An Joerg Haiders rhetorische Beitraege zur ethnischen Saeuberung Kaerntens
("Kaernten wird einsprachig", "tschetschenenfreies Kaernten" usw.) hatte man
sich schon gewoehnt. Aber am 7.Januar 2008 hat Haider in der Praxis eine
ethnische Saeuberungsaktion gesetzt, die einen Dammbruch darstellt. Parallel
zu einer Pressekonferenz unter dem Motto "Gewalttaetige tschetschenischen
Asylwerber werden aus Kaernten abgeschoben" wurden tschetschenische Familien
aus Villach (insgesamt 18 Personen) ueberfallsartig in Busse verfrachtet und
ins Fluechtlingslager Traiskirchen abtransportiert. Begruendet wurde diese
Massnahme damit, dass Mitglieder dieser Familien an den "juengsten
Gewaltexzessen", d.h. einer Silvesterschlaegerei in Villach teilgenommen
haetten. Dabei sind die Haupttaeter laut Auskunft des Villacher
Polizeikommandanten noch gar nicht identifiziert. Auch wer begonnen hat, ist
noch nicht klar. Haider und der Leiter des Fluechtlingsreferats Gernot
Steiner haben mit ihrer Strafmassnahme offenbar voellig an der Polizei
vorbeiagiert.
Betroffen ist u. a. die siebenkoepfige Familie S., die wir in unserer
Kaerntner Traumatherapie- Einrichtung ASPIS seit eineinhalb Jahren
begleiten. Die beiden angeblich gewalttaetigen halbwuechsigen Soehne der
Familie (14 und 16 Jahre alt) wurden allerdings - im Unterschied zu anderen
Jungen - wegen der Schlaegerei noch nicht einmal von der Polizei
einvernommen. Der Vater glaubt nicht, dass die Soehne an der Schlaegerei
beteiligt waren. Offenbar hat Herr Steiner selbst ermittelt bzw. dem
Landeshauptmann auf dessen Wunsch hin einfach eine Familie genannt, die aus
seiner Sicht abtransportiert werden kann. In der Gruppe der "gewalttaetigen
tschetschenischen Asylwerber" befindet sich auch das fuenf Monate alte Baby
der Familie S. Mehrere Familienmitglieder wurden waehrend der letzten
eineinhalb Jahre in unserer Einrichtung psychotherapeutisch behandelt. Sie
sind durch den Krieg und infolge von Folter traumatisiert. Die Therapien
sind nun abgebrochen. Einer der Soehne wurde im Herbst 2006 in Kaernten auf
offener Strasse durch einen "Inlaender" mit Messerstichen beinahe ermordet
und leidet unter einer zusaetzlichen Traumatisierung. Aerzte und Therapeuten
sind vor dem Abtransport der Familie natuerlich nicht konsultiert worden.
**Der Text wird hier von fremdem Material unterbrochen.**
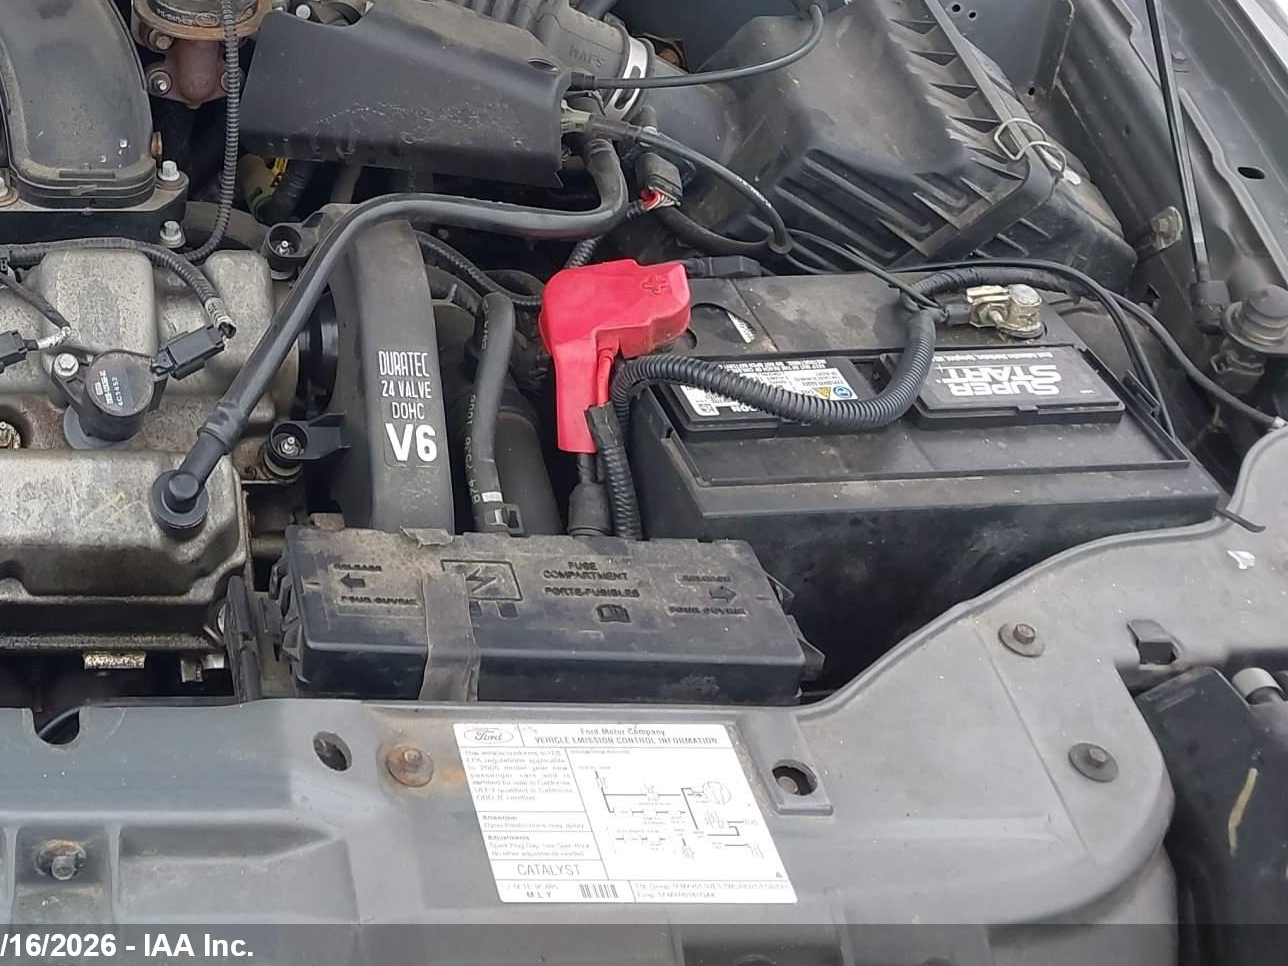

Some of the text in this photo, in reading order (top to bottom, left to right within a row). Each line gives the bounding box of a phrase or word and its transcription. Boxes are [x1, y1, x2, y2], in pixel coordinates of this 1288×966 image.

Der Landeshauptmann und das Fluechtlingsreferat uebernehmen die
Verantwortung fuer eine moegliche Gesundheitsgefaehrdung.
Wir haben im Land Kaernten entsprechend den Regeln einer modernen Demokratie
gut funktionierende Einrichtungen, die fuer die Aufklaerung und rationale
Bearbeitung von Jugendkriminalitaet zustaendig sind: Die Polizei, die
Jugendstaatsanwaltschaft, Gerichte, Bewaehrungshilfe, Jugendaemter usw. Der
Villacher Polizeikommandant hat sich noch am 7.1. an einem runden Tisch in
vorbildlicher Weise um Verstaendigung mit tschetschenischen Eltern und
Jugendlichen bemueht.
Haider hat sich aber offenbar entschieden, den starken Fuehrer zu spielen,
dessen Handeln keine polizeilichen und juristischen Beweise, keine
unabhaengige Faktenueberpruefung benoetigt: "Unter meiner Fuehrung wird
Kaernten auch ein sicheres Land bleiben. Jemand, der sich nicht anpassen
kann und sich nicht an unsere Spielregeln haelt, hat bei uns nichts
verloren. Daher habe ich die sofortige Abschiebung der gewalttaetigen
tschetschenischen Asylwerber veranlasst." Spielregelexperte Haider macht
sich selbstherrlich zum Ermittler, Richter und Exekutor zugleich und hofft
auf den Applaus des Publikums. Wahrscheinlich geht es auch darum, die
aufgebrachte Stimmung in Bezug auf aggressive auslaendische Jugendliche, die
gerade aus Deutschland zu uns herueber kommt, parteipolitisch zu nutzen. Der
Rechtsstaat bleibt auf der Strecke, die Fluechtlingsverwaltung spielt mit,
die Zeche zahlen Menschen, die als Mitglieder einer ethnischen Gruppe
kollektiv verdaechtigt und abtransportiert werden. Die Grenze zu einer
autoritaeren Saeuberungsaktion ist ueberschritten.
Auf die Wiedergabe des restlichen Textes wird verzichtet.